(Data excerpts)
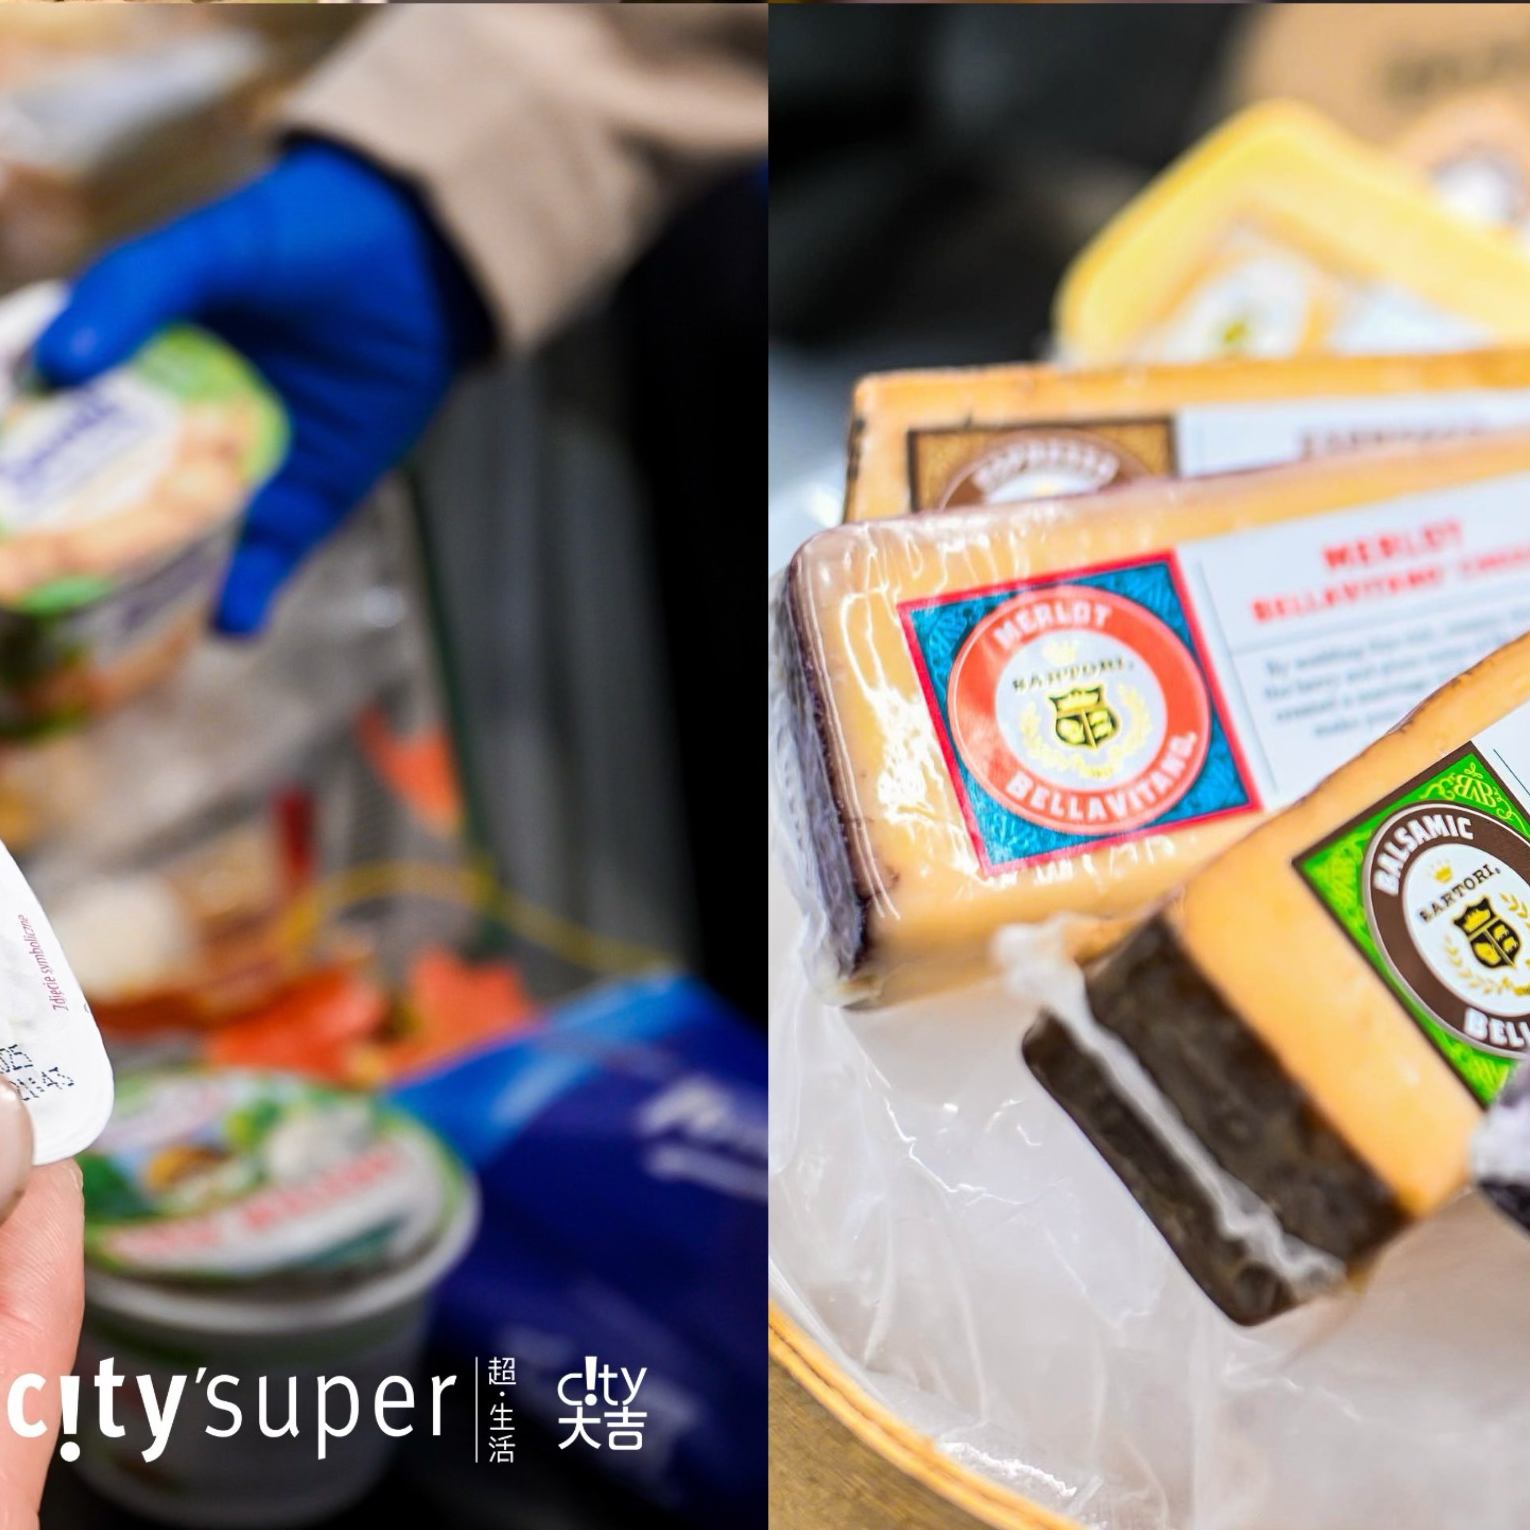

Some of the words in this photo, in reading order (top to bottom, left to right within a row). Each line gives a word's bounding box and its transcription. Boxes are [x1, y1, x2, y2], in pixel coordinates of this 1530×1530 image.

[993, 599, 1113, 651] MERLOT
[1372, 814, 1474, 897] BALSAMIC
[1418, 864, 1494, 923] SARTORI
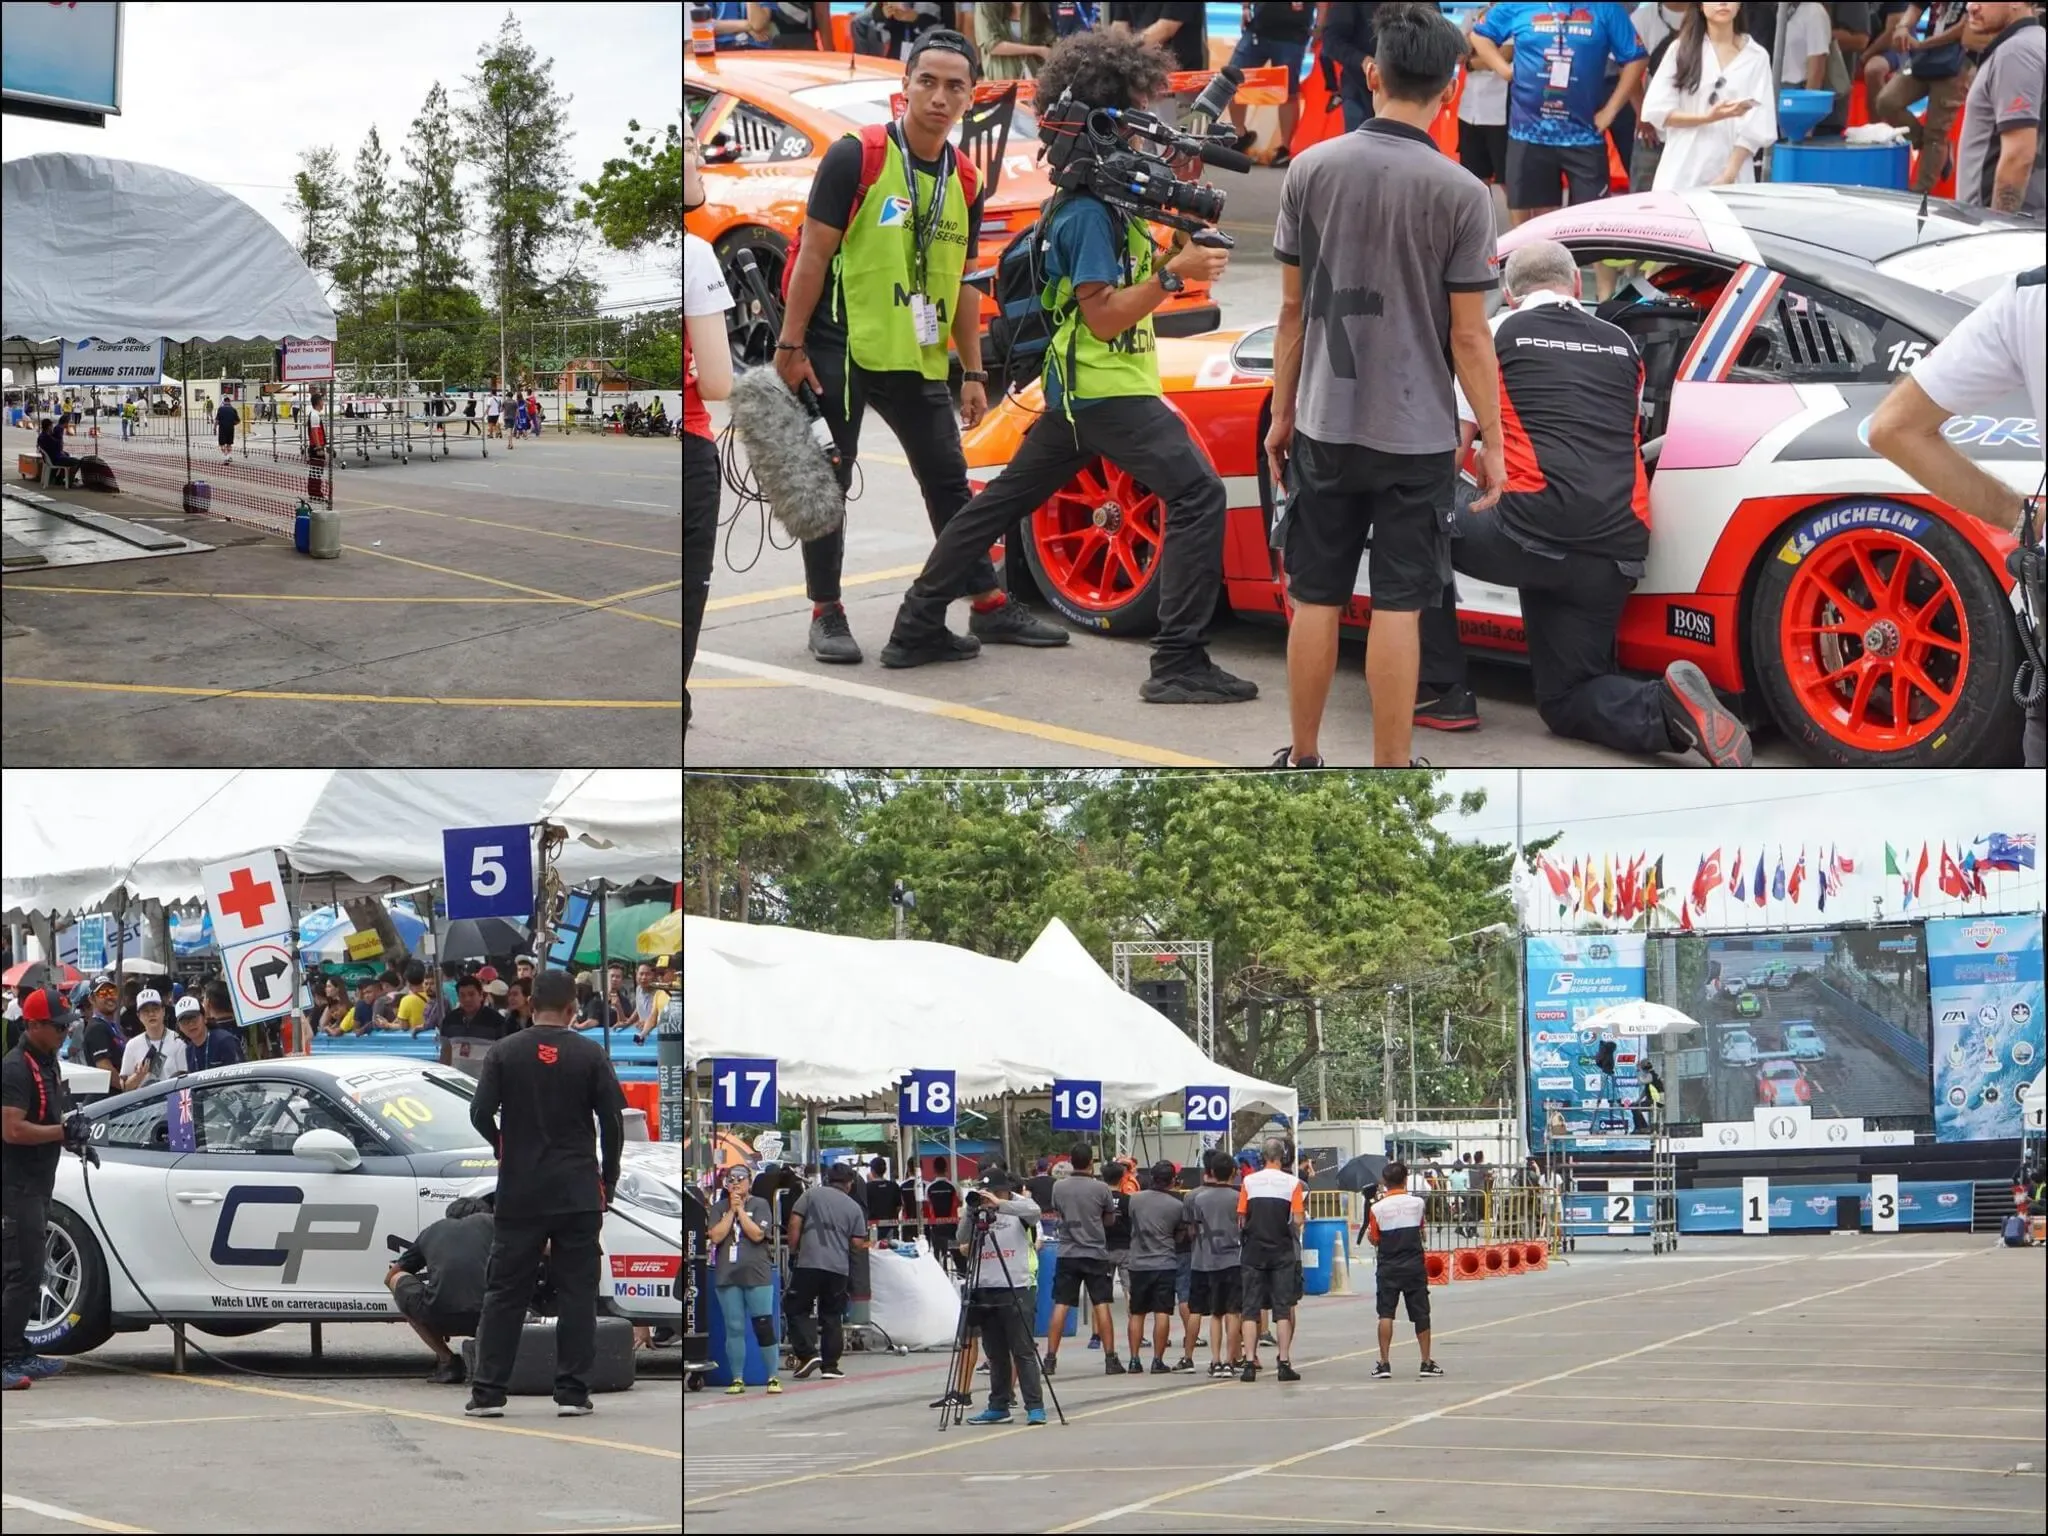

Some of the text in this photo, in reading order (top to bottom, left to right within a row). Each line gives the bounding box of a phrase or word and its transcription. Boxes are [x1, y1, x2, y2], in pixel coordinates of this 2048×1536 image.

[783, 136, 806, 158] 99
[935, 230, 968, 246] SERIES
[1516, 337, 1629, 357] PORSCHE
[1887, 340, 1928, 373] 15
[68, 366, 155, 377] WEIGHING STATION
[1812, 506, 1919, 538] MICHELIN
[1675, 608, 1711, 635] BOSS
[470, 845, 507, 897] 5
[1570, 984, 1628, 993] SUPER SERIES
[1573, 977, 1612, 985] THAILAND
[718, 1071, 772, 1108] 17
[903, 1081, 952, 1114] 18
[341, 1095, 391, 1141] www.porsche.com
[382, 1096, 433, 1129] 10
[1055, 1089, 1098, 1121] 19
[1187, 1094, 1228, 1121] 20
[1613, 1196, 1630, 1221] 2
[1749, 1196, 1762, 1221] 1
[1878, 1194, 1895, 1219] 3
[210, 1185, 379, 1285] CP
[615, 1282, 655, 1297] Mobil
[212, 1295, 388, 1312] Watch LIVE on carreracupasia.com

• **TASK PROMPT**
Once the pictures are set aside, repeat the remaining data word for word.

• **EXPECTED ANSWER**
Some of the words in this photo, in reading order (top to bottom, left to right within a row). Each line gives a word's bounding box and its transcription. Boxes are [x1, y1, x2, y2], in pixel coordinates of this 1530×1530 image.

[993, 599, 1113, 651] MERLOT
[1372, 814, 1474, 897] BALSAMIC
[1418, 864, 1494, 923] SARTORI

Some of the text in this photo, in reading order (top to bottom, left to right within a row). Each line gives the bounding box of a phrase or word and its transcription. Boxes are [x1, y1, x2, y2], in pixel coordinates of this 2048×1536 image.

[783, 136, 806, 158] 99
[935, 230, 968, 246] SERIES
[1516, 337, 1629, 357] PORSCHE
[1887, 340, 1928, 373] 15
[68, 366, 155, 377] WEIGHING STATION
[1812, 506, 1919, 538] MICHELIN
[1675, 608, 1711, 635] BOSS
[470, 845, 507, 897] 5
[1570, 984, 1628, 993] SUPER SERIES
[1573, 977, 1612, 985] THAILAND
[718, 1071, 772, 1108] 17
[903, 1081, 952, 1114] 18
[341, 1095, 391, 1141] www.porsche.com
[382, 1096, 433, 1129] 10
[1055, 1089, 1098, 1121] 19
[1187, 1094, 1228, 1121] 20
[1613, 1196, 1630, 1221] 2
[1749, 1196, 1762, 1221] 1
[1878, 1194, 1895, 1219] 3
[210, 1185, 379, 1285] CP
[615, 1282, 655, 1297] Mobil
[212, 1295, 388, 1312] Watch LIVE on carreracupasia.com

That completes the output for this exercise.